Bitcoin vs. The State: A Short Story

There are two kinds of attack that a nation-state actor (or group) might want to engage in vs. the Bitcoin network which diverge from the strictly profit-maximising behaviour the security model expects:

  1. Censorship of transactions
  2. Denial of service

You need a majority of hash rate for either one. So both are easier to accomplish, logistically, the lower the security budget is. But unless the security budget is something truly astronomical, at the end of the day it doesn’t make that much difference in the grand scheme of things.

In other words, as Lyn Alden correctly points out in her piece on Bitcoin’s security model, the obstacle to a nation-state attack on Bitcoin is the difficulty and cost of getting the majority of hash rate in the first place. But that difficulty and cost is significantly overestimated — it’s nowhere near as costly as it might seem on the face of it.

We’ll look at that first, then the two attacks in order.

1) Getting Majority Hash Rate

Ignore the government’s ability to use force, regulate semiconductor supply chains, seize miners, etc. Those are significant factors, but even without them we can simply look at it in terms of straightforward economic participation in the open network.

i. Cost

The cost of acquiring majority hash rate is paid in time, not money. If someone is willing and able to mine at a slight loss for a few years, they will grow to dominate the network, putting all for-profit miners out of business.

In other words, if you decide to continuously overpay and “overmine” vs. the value of block rewards, your action — your excessive investment — will make mining unprofitable not just for you but for everyone else, so for-profit actors get squeezed out of the market over time.

You only have to marginally outbid the other market participants. For-profit actors aren’t looking for a negative yield: they’re not looking to spend (the equivalent of) 100 BTC on a mining operation to have it return <100 BTC in time when they can simply hold BTC in that same period and be better off. But you are, because incurring that small cost is part of a larger plan.

E.g. Simplified and using round numbers: Say the breakeven price of latest-generation ASICs is $10,000 per unit. If you’re willing to pay $10,005 per unit, then you will get all the ASICs and price out all for-profit actors. In time you recover $10,000 of that cost (via mining) and the net price you paid for each unit is $5.

Realistically, as stated above, miners are operating with a margin, they’re not looking to break even. So you may even end up turning a small profit. Either way, continue doing this over time and you’ll acquire majority hash rate for little-to-no cost. Then from there you can do with it what you want on-chain.

ii. Location

Everything on this page can be done from anywhere on earth, and the above process of deliberate over-investment can be started at any time.
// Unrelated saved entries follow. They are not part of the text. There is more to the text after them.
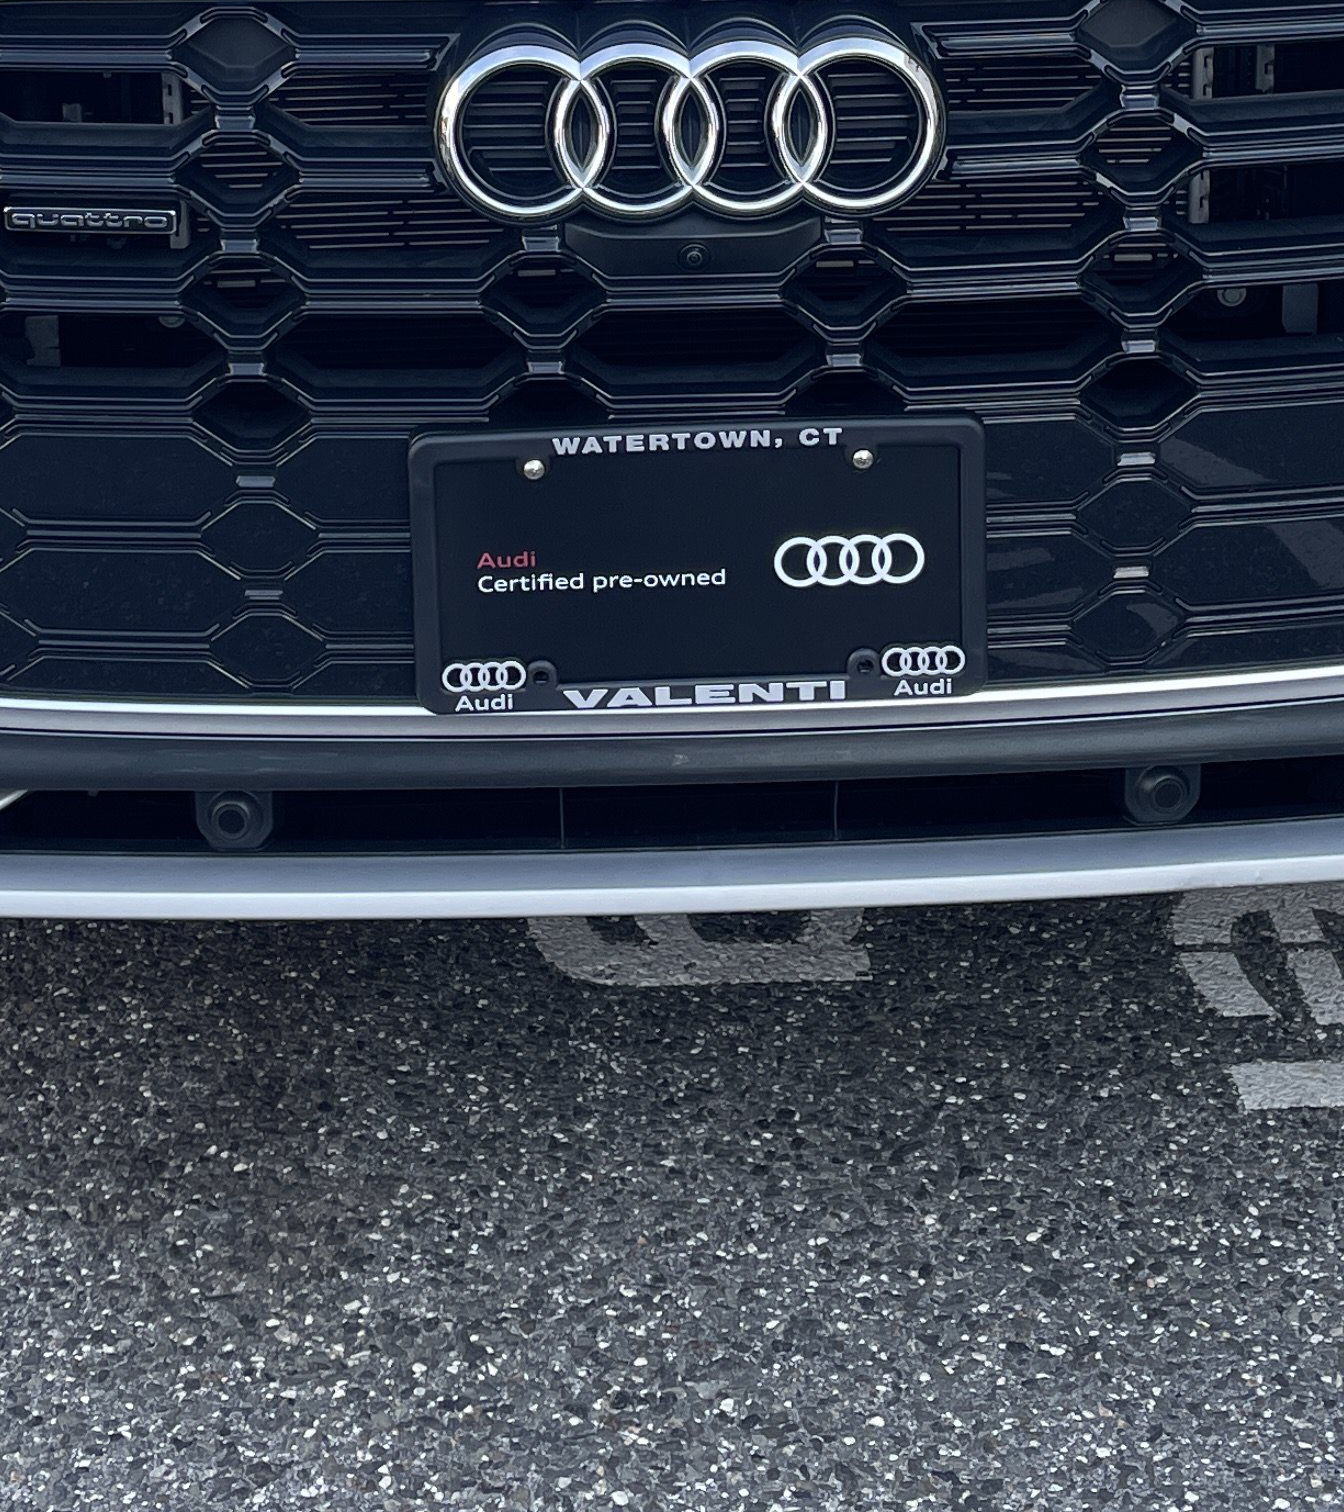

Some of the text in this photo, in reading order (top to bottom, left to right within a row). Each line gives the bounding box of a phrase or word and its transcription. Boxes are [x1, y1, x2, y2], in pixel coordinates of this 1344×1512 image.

[11, 212, 168, 229] quattro
[552, 427, 843, 456] WATERTOWN, CT
[476, 550, 537, 569] Audi
[477, 568, 727, 594] Certified pre-owned
[562, 680, 846, 710] VALENTI
[893, 678, 953, 697] Audi
[455, 693, 514, 713] Audi
China may have a hash rate of 0 today after its recent mining ban but that doesn’t tell us what their hash rate will be in 2040 — as long as you have the energy, you can go from 0 to majority in a relatively short period of a few years. And on this side of the world, Quebec, Canada is apparently a good spot, going by arguments that Bitcoin advocates themselves use when defending the network’s energy use as insignificant:

Left | Right

Point being, even with the security budget at today’s very high level, when push comes to shove, many larger individual nation states have the capacity (including excess cheap/unused energy) to take the actions listed here on their own — no grand conspiracy or coordinated effort between all nation states around the world is needed.

2) Censoring Transactions

To censor transactions on the Bitcoin network you have to monopolise block production. You have to use your majority of hash rate to mine in a way that means no-one else in the world gets to add their blocks to the chain — only your blocks ever get included.

i. Monopoly Mining

The strategy to mine 100% of blocks (and collect 100% of the mining rewards) is to override everyone else’s blocks as they appear:

  1. Mine 1–3 blocks (or more) ahead of the current chain tip but don’t announce these blocks to the network yet
  2. Wait for another miner to announce a block
  3. As soon as they do, announce 1 of the blocks you’re withholding (this will temporarily create two competing forks of the same length)
  4. Wait for whichever comes first: i) another miner announces a block, or ii) 8 minutes have elapsed (shorter than the expected 10-minute interval)
  5. Announce +1 of your blocks
  6. Repeat

If you have the majority of hash rate (say 60:40), the result of this pattern of activity is that all of the blocks by other miners get continuously reorg’d away a short time after they’re produced, i.e. over-written by yours. All of their work gets discarded and the chain ends up being 100% composed by you.

Note: Strictly speaking, this monopoly strategy is the max-profit strategy within the rules of the protocol regardless of censorship by any nation-state actor(s). I.e. You make the most money if you monopolise block production in this way but construct your blocks completely normally and don’t censor any transactions.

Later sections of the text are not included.